02.04.2019 - RNDr. Martin Baláž, PhD. (Predictale, s. r. o.)

How to Use Artificial Intelligence in Online Fashion Retail

Customers expect a lot from an online store: that it won't waste their time, that they will find products that fit them, that the experience will be personalized for them, etc. This is exactly what Artificial Intelligence can achieve if it has relevant data that is often hard to get. Fashion retail is in special position because most relevant data is contained in images of products. During the talk we will look at few technologies based on neural networks that can help online fashion retailers to meet customer expectations.

16.04.2019 - doc. Mgr. Ondrej Šuch, PhD. (Department of Information Networks, University of Žilina)

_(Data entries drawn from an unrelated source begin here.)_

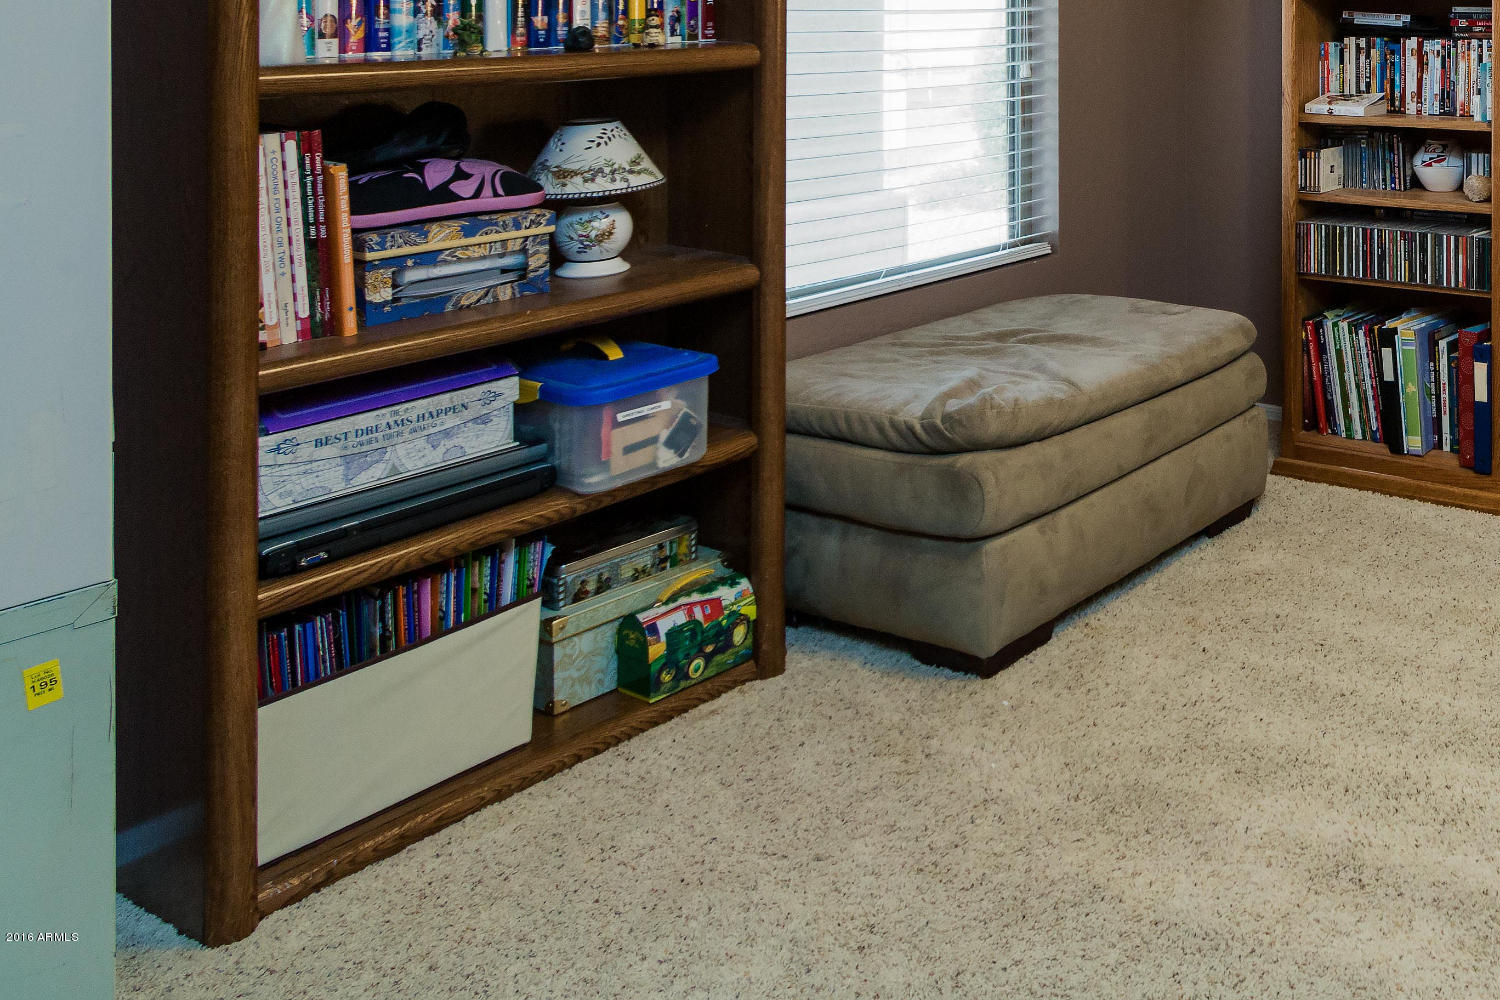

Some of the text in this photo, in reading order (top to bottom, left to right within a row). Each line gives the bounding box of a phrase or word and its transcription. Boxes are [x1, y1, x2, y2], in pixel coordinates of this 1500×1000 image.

[303, 153, 312, 176] Country
[314, 153, 323, 176] Country
[304, 175, 313, 196] Woman
[316, 175, 324, 196] Woman
[270, 157, 286, 269] COOKING FOR ONE OR TWO
[306, 196, 315, 223] Christmas
[317, 196, 326, 223] Christmas
[313, 401, 469, 449] BEST DREAMS HAPPEN
[30, 676, 58, 694] 195
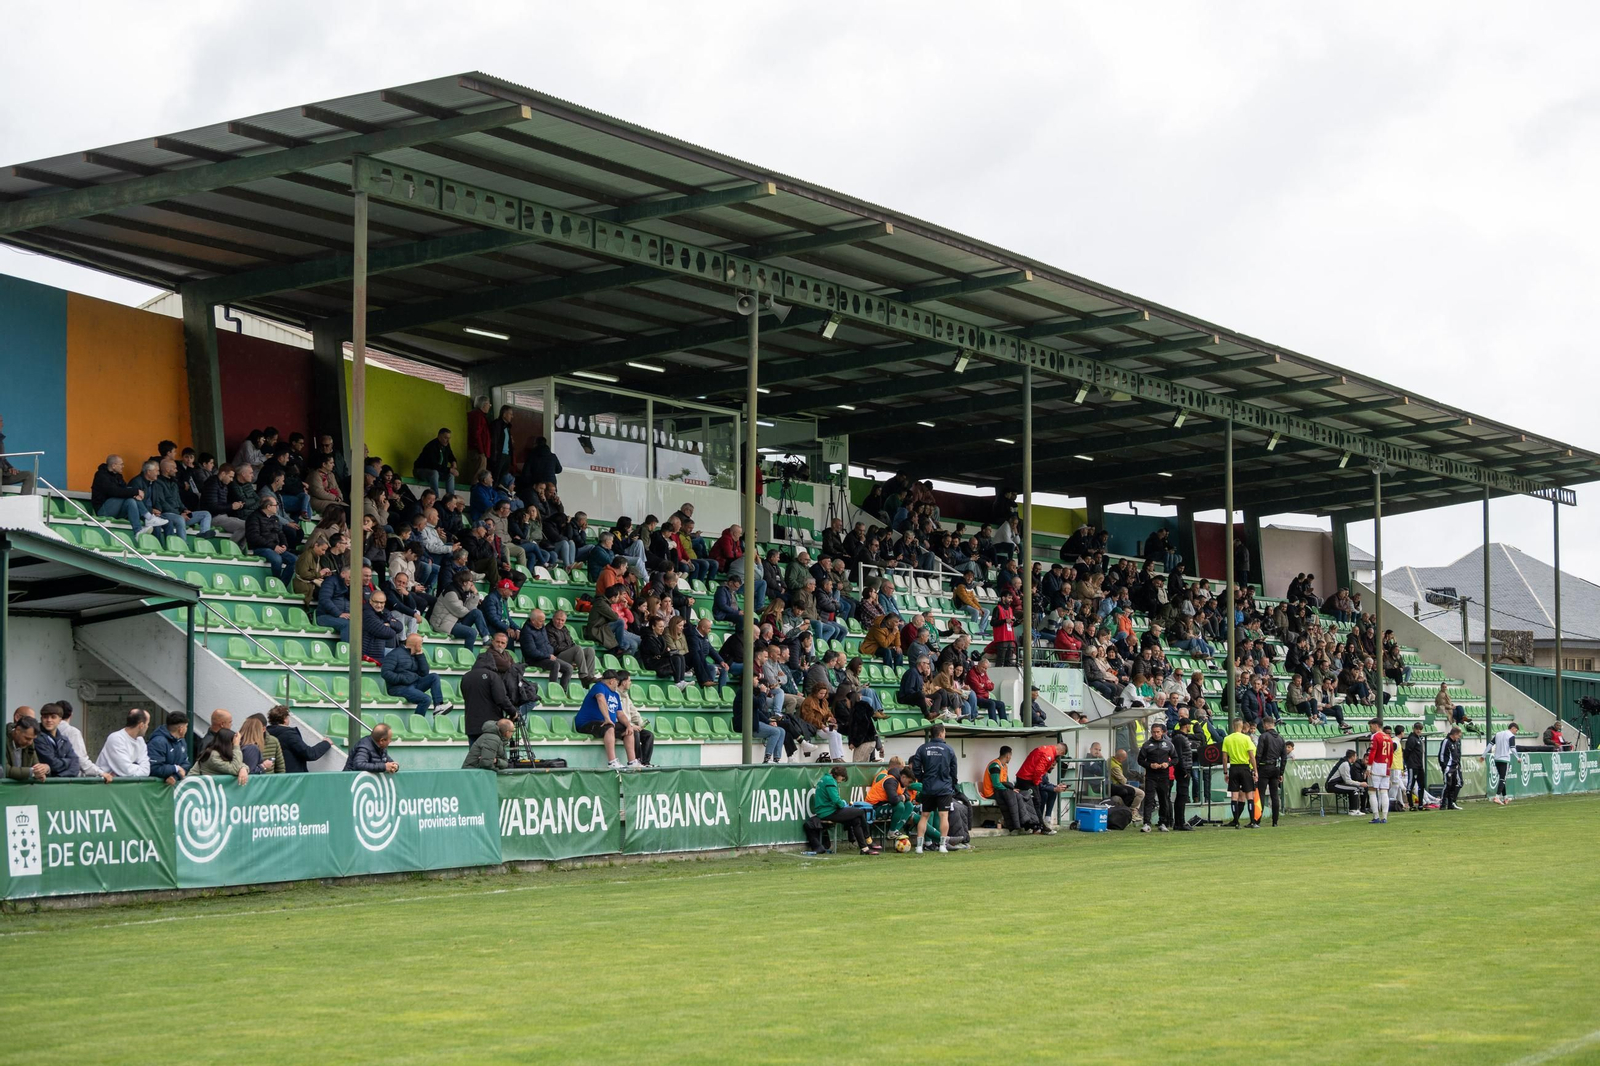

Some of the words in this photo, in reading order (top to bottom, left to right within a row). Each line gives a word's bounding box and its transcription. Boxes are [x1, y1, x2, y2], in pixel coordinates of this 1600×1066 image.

Function and implementation of synapses in artificial intelligence systems

The past decade has witnessed enormous growth in research and applications of machine learning techniques. Modern deep learning techniques have beaten humans in several important benchmarks, yet it is clear that intelligence available in today's systems lags behind even the simplest animals. Part of the lag is theoretical, since there is little agreement on how to build connectionist systems. We would like to draw inspiration from biology, but there is still only fragmentary understanding of learning mechanisms in animal nervous systems. The other critical hurdle that needs to be cleared is what hardware should be used to implement future artificial intelligence systems. In our talk we will present our work on memristors, a promising nanotechnology device that may serve to emulate synapses in the next generation of artificial neural networks. Our results will be framed within the context of competition between deep learning and neuromorphic approaches to artificial intelligence.

30.04.2019 - PhDr. Ing. Tomáš Gál, PhD (Comenius University in Bratislava)

Evolution of cognitive mechanisms related to religious thought and behaviour

In a narrow sense, religion is a unique feature of the human species. According to archaeological findings as well as research in anthropology, this ability is one of the oldest cultural features of a human kind. It has stood up with the rise of gene-cultural coevolution. Religion, in the meaning of religious thinking and religious behaviour, began to form a competitive advantage for human groups and individuals quickly. For groups, it was an additional strengthening mechanism, affecting closer cooperation, higher levels of intra-group altruism, better division of labour, and greater efficiency in resource gathering. Even it is not possible to name with certainty, which attributes of early human affective thinking emerge into religious, reflection of both, cultural and genetic evolution, may show us a way of evolution of religion and cognitive mechanisms, which allowed it and in a feedback loop, stimulating it further.